Directions for this task -> Among the records below, find the line with "this 1600×1200 image." and the line with "this 1667×1406 image.". Set down both and every line between, exactly and with no pictures, but nothing else.

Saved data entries
----------------

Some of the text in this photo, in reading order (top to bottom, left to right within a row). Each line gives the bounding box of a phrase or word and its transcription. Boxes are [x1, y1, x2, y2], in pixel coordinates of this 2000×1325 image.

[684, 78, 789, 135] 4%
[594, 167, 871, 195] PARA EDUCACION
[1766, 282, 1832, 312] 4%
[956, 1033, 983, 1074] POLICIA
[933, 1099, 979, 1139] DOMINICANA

----------------

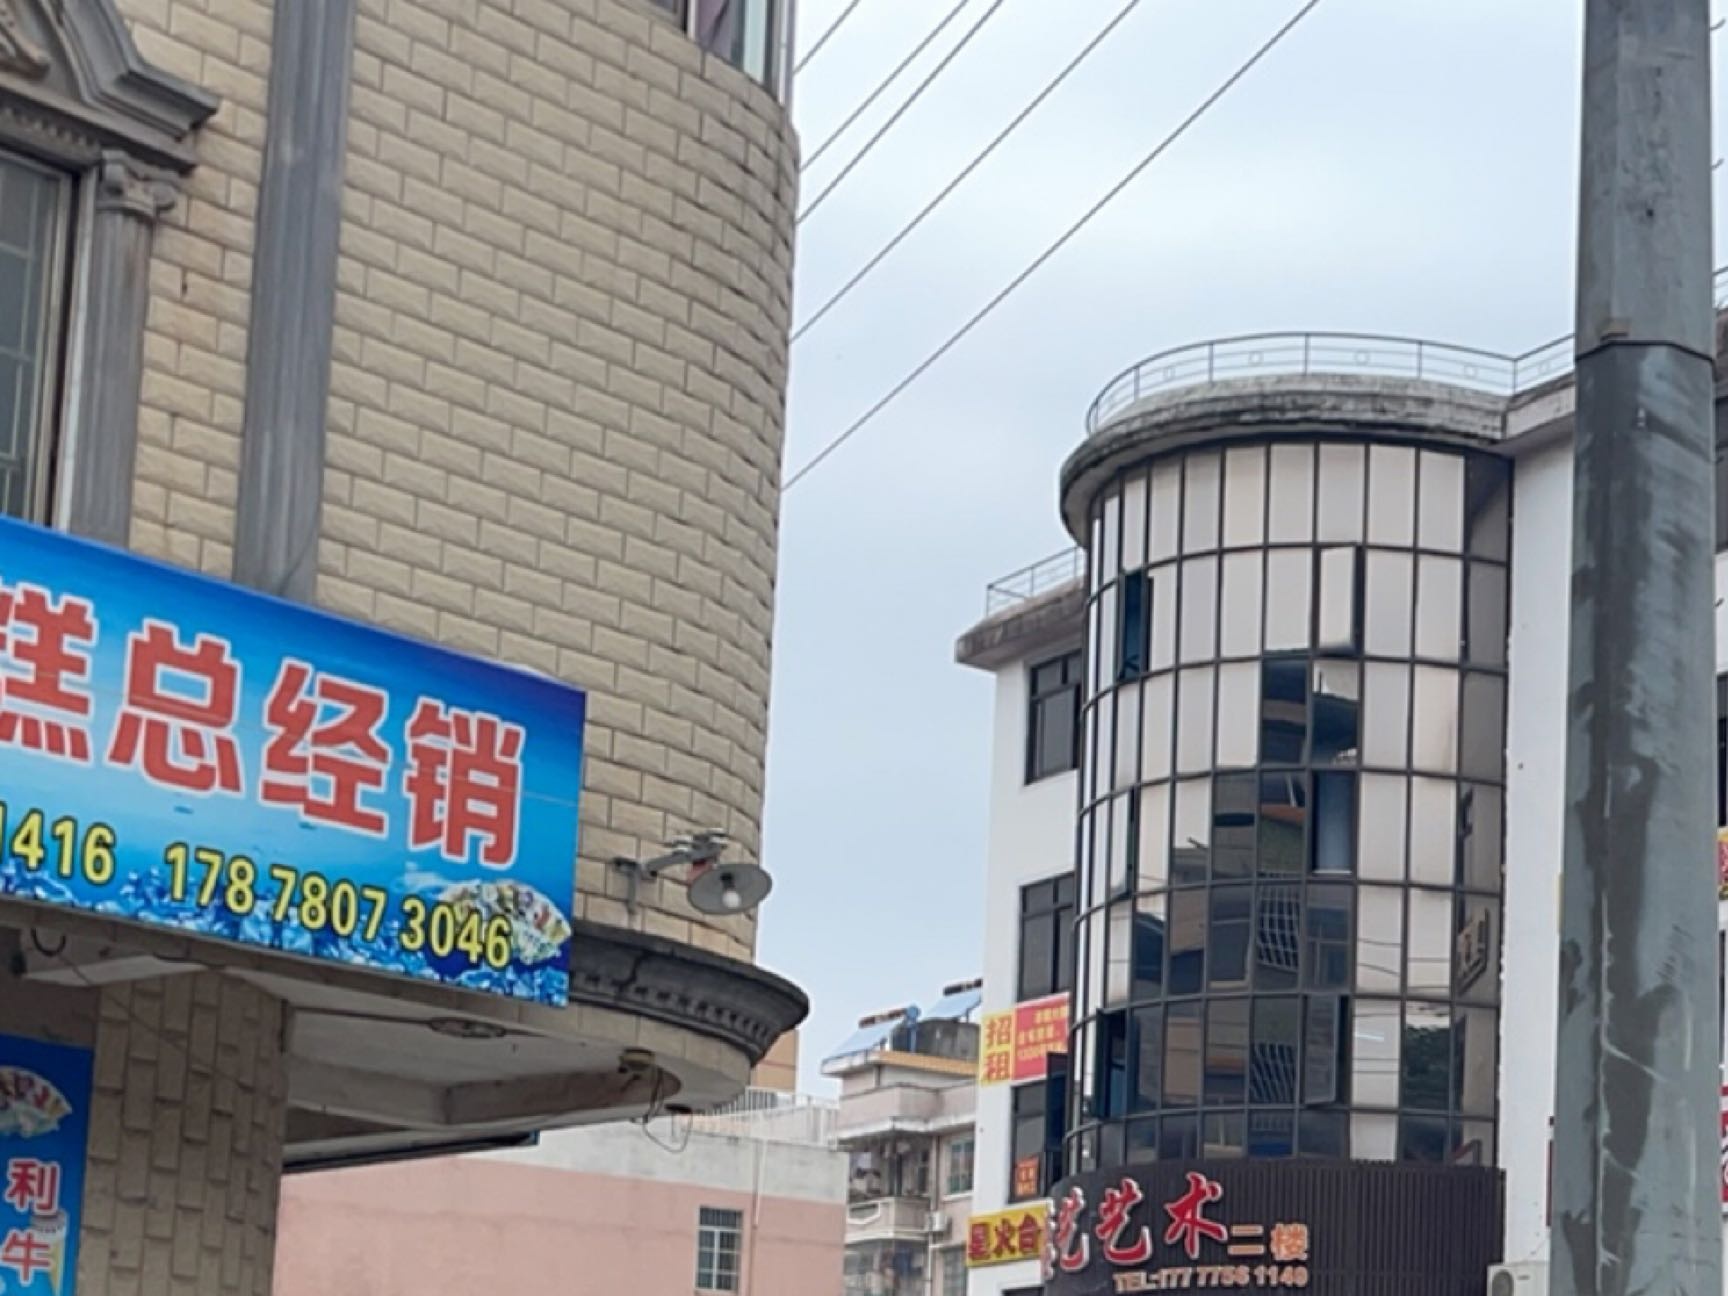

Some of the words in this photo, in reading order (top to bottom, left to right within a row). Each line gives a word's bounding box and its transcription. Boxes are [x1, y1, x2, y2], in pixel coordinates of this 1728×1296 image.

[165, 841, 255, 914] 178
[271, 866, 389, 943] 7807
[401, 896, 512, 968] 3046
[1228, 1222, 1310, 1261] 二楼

----------------

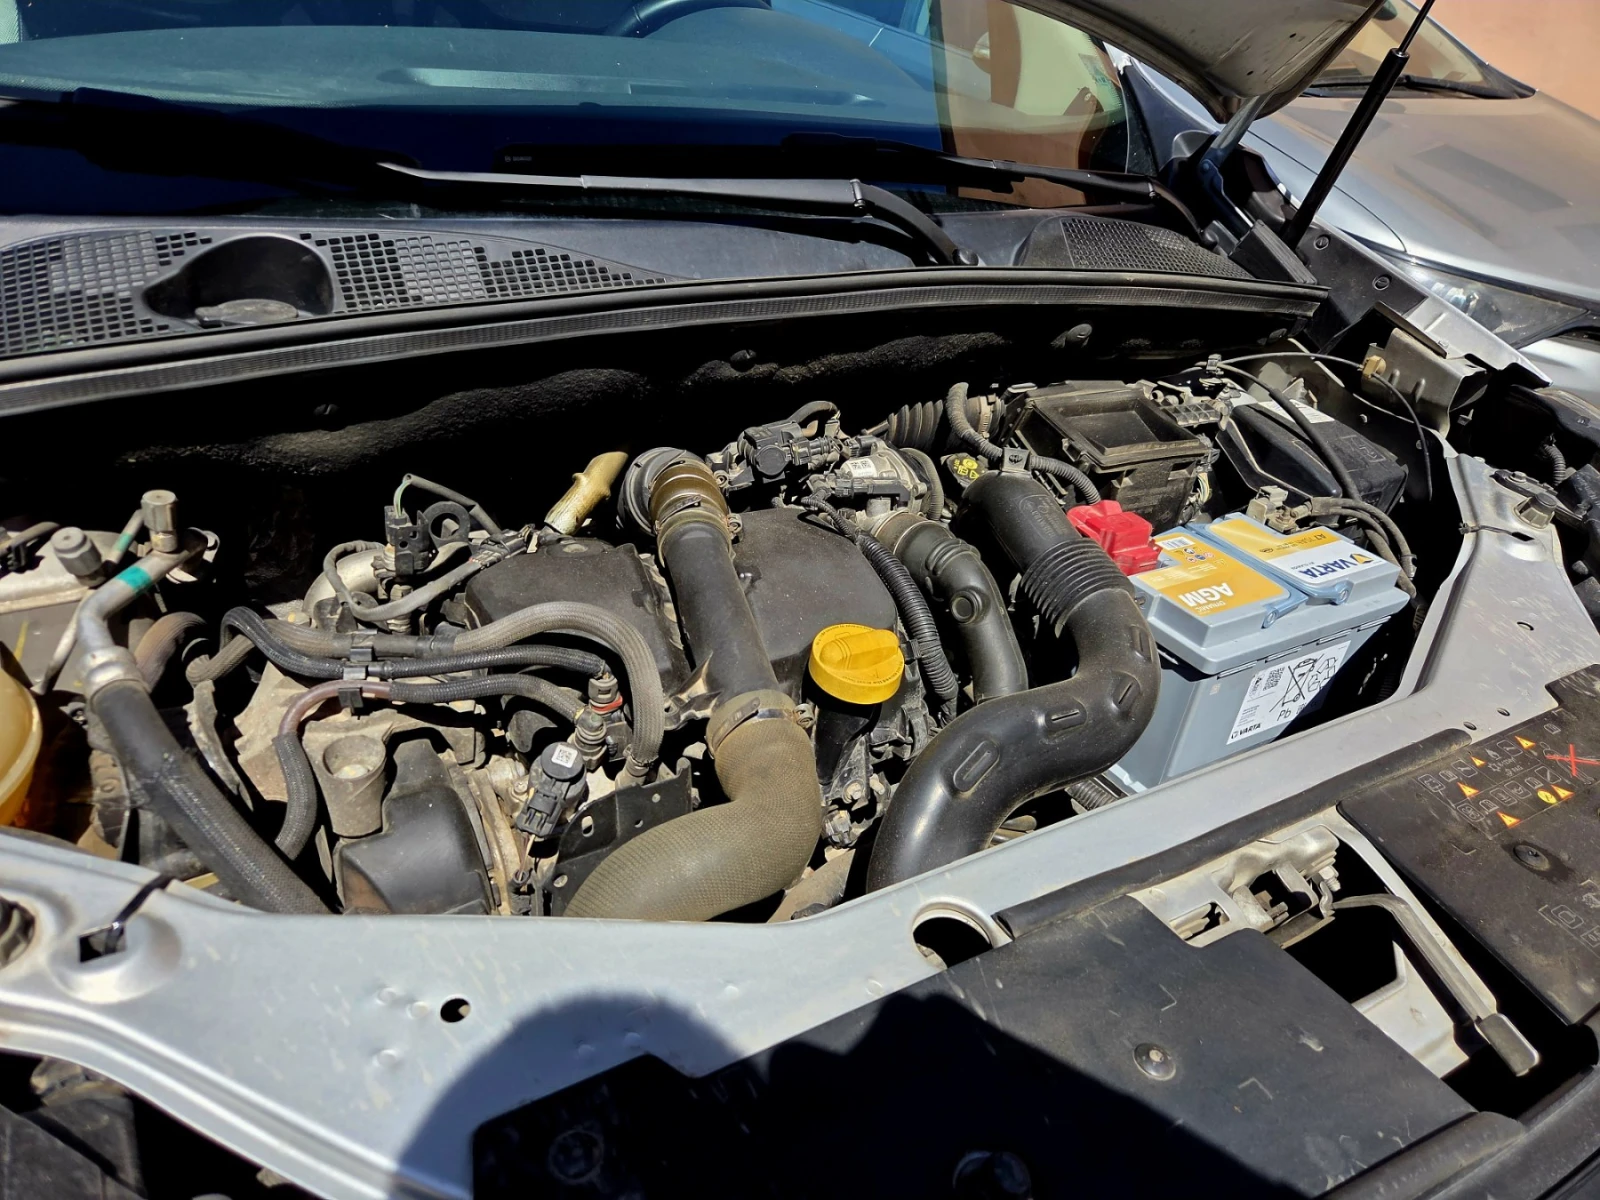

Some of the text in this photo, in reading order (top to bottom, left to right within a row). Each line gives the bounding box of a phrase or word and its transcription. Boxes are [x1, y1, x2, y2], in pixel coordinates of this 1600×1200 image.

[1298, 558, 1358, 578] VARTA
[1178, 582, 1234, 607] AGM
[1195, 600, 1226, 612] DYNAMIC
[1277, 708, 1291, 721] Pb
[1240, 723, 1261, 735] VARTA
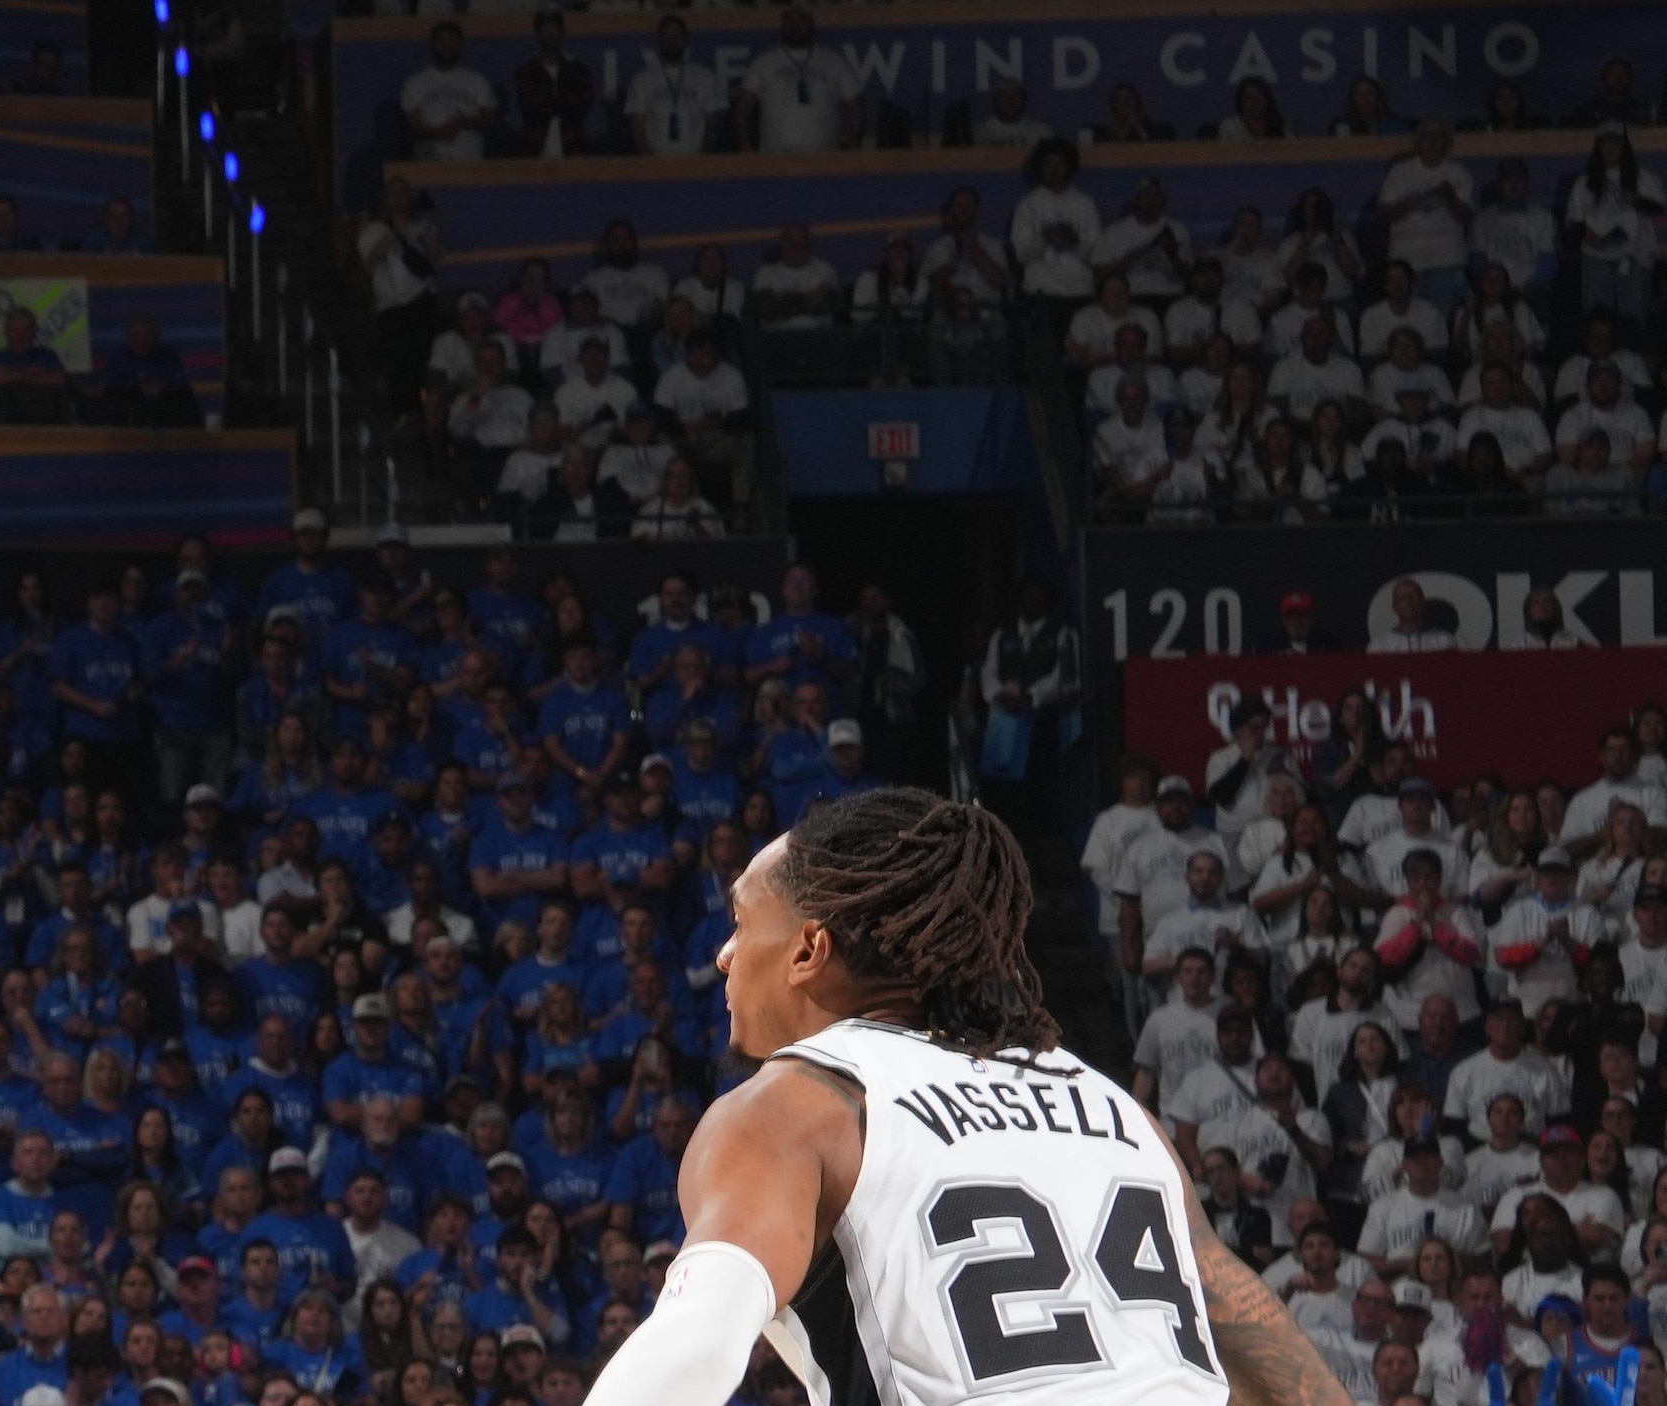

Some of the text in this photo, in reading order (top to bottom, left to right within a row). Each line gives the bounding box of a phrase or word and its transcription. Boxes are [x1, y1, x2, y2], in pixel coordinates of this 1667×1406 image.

----------------

Result for this task ->
Some of the text in this photo, in reading order (top to bottom, left to right within a row). Each line gives the bounding box of a phrase or word and its transcription. Boxes are [x1, y1, x2, y2], in pixel coordinates of this 1600×1200 image.

[1298, 558, 1358, 578] VARTA
[1178, 582, 1234, 607] AGM
[1195, 600, 1226, 612] DYNAMIC
[1277, 708, 1291, 721] Pb
[1240, 723, 1261, 735] VARTA

Some of the text in this photo, in reading order (top to bottom, left to right within a row). Each line gives the bounding box of a phrase or word and its transcription. Boxes are [x1, y1, x2, y2], in pixel coordinates of this 1667×1406 image.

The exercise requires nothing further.